It took ten minutes or more to get them uncased, the right bolts assigned to the right engines, and all pointing in the right direction during which the Queen's power in front of us, perhaps heartened by the success on the further flank, or guessing at last that the cannons were not firing today, were pushing harder than before.

There was a problem: the line of Yorkists, some five hundred of them, between the crossbows and the enemy. Eddie got in amongst them, got some to lie down, others to run for it before he himself, still riding Genet, got out of the way. By now I had got into the spirit of the thing: I stood at the end of the line of crossbows, my previous collection of bird-shooters and crocodile killers, drew my scimitar, held it above my head, and at a nod from Eddie brought it down.

Some bows clicked, some clanged. Some bolts whistled, some screamed. A lord leading the enemy took a tiny bolt right through the slitted visor and in the eye. The largest bolt, fired from the monster that had to be mounted on a man's back, took two Yorkists from behind and skewered them to the two Lancastrians in front of them. After that they fired at will until the enemy broke, scattered and scampered down the hill.


Ali looked up from the Prime's manuscript. 'But not,' he said, 'before one of them had managed to trip Eddie, and threaten his life with a broadsword. Tlw distance was not great and I was by his side in no time with my little stiletto fumbled out from under my furs, cape and loincloth. Trained by the followers of The Old Man of the Mountains I knew exactly what to do with it, even without the aid of hashish, and I fiddled the point between his third and fourth ribs. Eddie rewarded me later with a farmstead in Thorney Hill in Hampshire, but since it was reputed to be on poor soil and with few inhabitants I never bothered even to visit it.'

And screwing up his good eye he went back to what he had been reading.

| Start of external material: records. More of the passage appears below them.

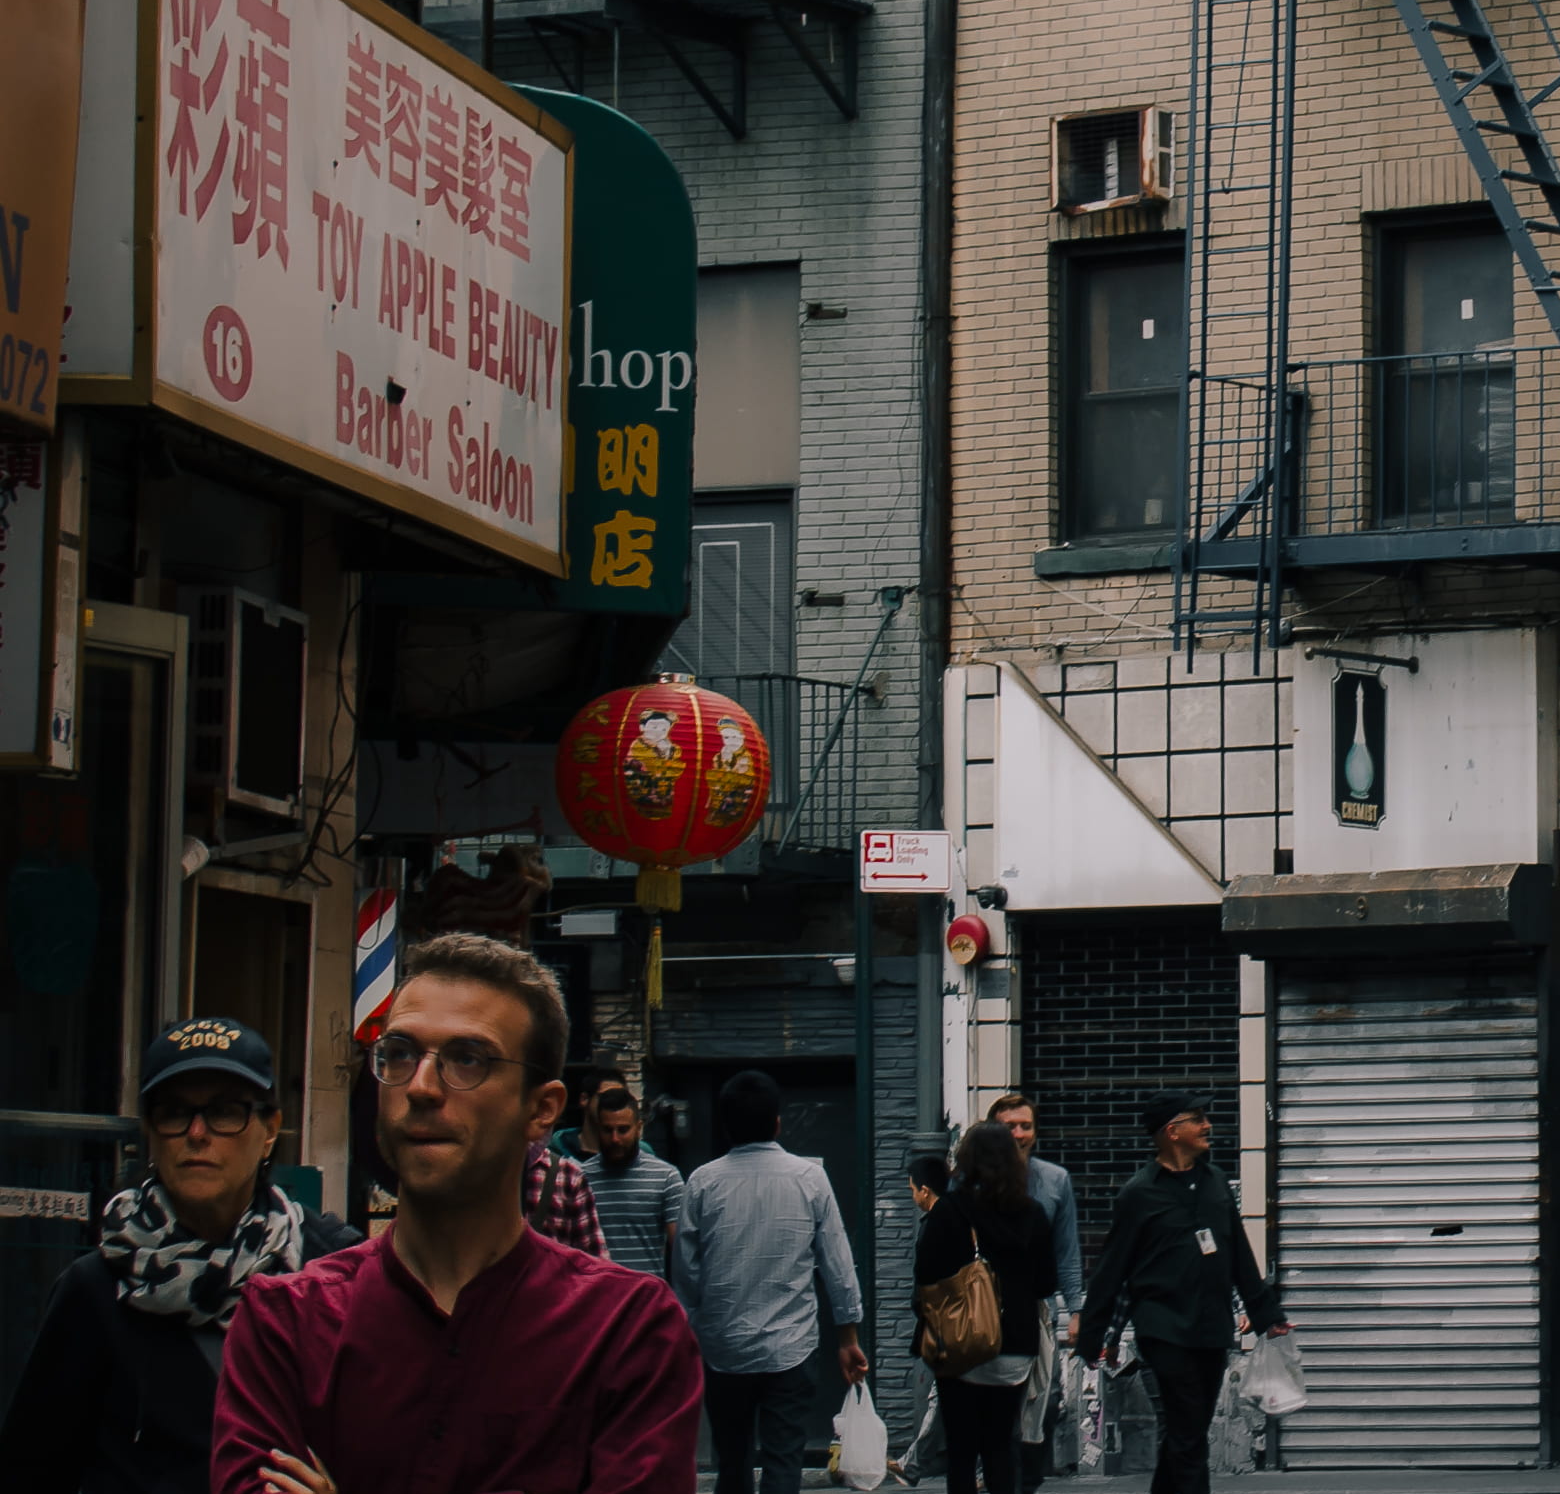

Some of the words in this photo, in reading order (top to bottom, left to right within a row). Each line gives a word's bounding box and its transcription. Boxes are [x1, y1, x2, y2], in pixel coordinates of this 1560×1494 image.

[344, 32, 533, 264] 美容美髮室
[312, 190, 364, 310] TOY
[378, 232, 457, 361] APPLE
[468, 279, 558, 411] BEAUTY
[212, 319, 243, 385] 16
[571, 299, 692, 412] hop
[336, 350, 432, 481] Barber
[447, 405, 534, 526] Saloon
[896, 846, 928, 856] Loading
[897, 835, 920, 845] Truck
[1341, 801, 1379, 822] CHEMIST

Thus, by these events on both wings, the whole battle was skewed from an east-west line to one that ran from north-east to south-west with the ridge and the road in Yorkist hands. When, a little later. Norfolk's men arrived along the road from the south they found themselves on the Queen's army's flank and cut off their retreat to Tadcaster and York by the road. The only way to go when they broke was into the Renshaw Wood and the ravine and these created a terrible bottle-neck.

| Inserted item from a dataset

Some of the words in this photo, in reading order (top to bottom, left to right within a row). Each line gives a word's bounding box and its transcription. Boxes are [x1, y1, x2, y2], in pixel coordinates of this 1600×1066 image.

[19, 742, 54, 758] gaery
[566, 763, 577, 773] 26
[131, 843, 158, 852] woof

The river was no longer a brook but a torrent, fast-flowing and filling the floor of the ravine, as the snow of two days, which never settled properly but ran off as soon as it hit the grass, poured into it.

Trapped in the trees, thickets and water and soon by those who tripped and fell and could not get up again, men were slaughtered in their thousands, many falling at the hands of their own people who slew them from behind in their desperation to get clear. The water ran red with blood and indeed the mightier river Wharfe, into which the Cock Beck emptied, ran with blood all through the next day.

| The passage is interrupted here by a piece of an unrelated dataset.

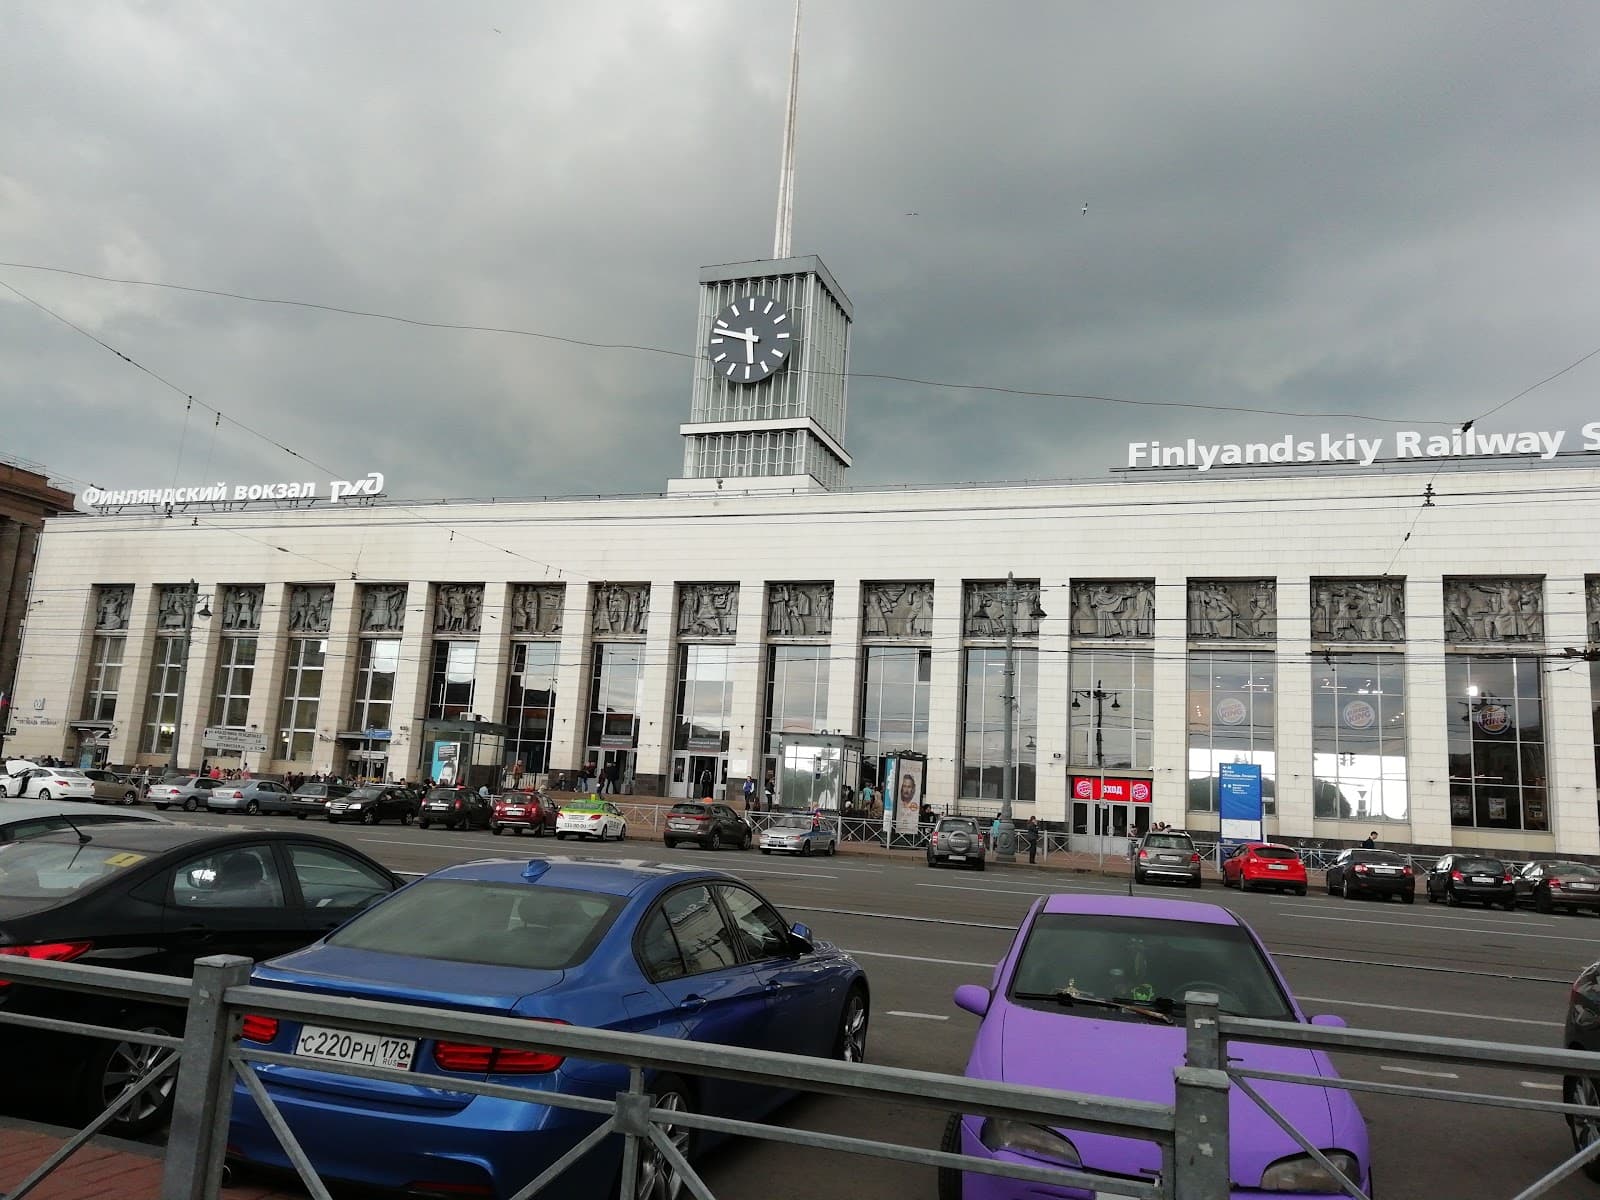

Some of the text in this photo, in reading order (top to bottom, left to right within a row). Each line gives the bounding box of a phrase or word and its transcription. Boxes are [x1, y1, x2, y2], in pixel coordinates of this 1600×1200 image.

The sum of all those fighting that day was reckoned at ninety thousand. All in all twenty-eight thousand men were butchered and maybe half as many again were wounded and died later. We were told it was the biggest battle ever fought in Ingerlond, never as many killed. And I doubt if these numbers will ever be equalled on Inglysshe soil.

And for what? For religion, to impose one set of beliefs on another – the most common cause for such killing fields? No. So one nation could conquer and take over the land of another – the second most common cause? No. For booty, loot, gold, slaves, to take back to one's homeland? No. But simply so that one man could be king rather than another, to rule in the same way and under the same laws. For two men to fight for such a prize is not a wonder, but that they should be capable of getting a nation into arms, father against son, brother against brother, for so feeble a reason, is indeed a wonder. Whatever else can explain this phenomenon one factor must be present. These Inglysshe, or at any rate a great many of them, enjoy fighting. It's as simple as that.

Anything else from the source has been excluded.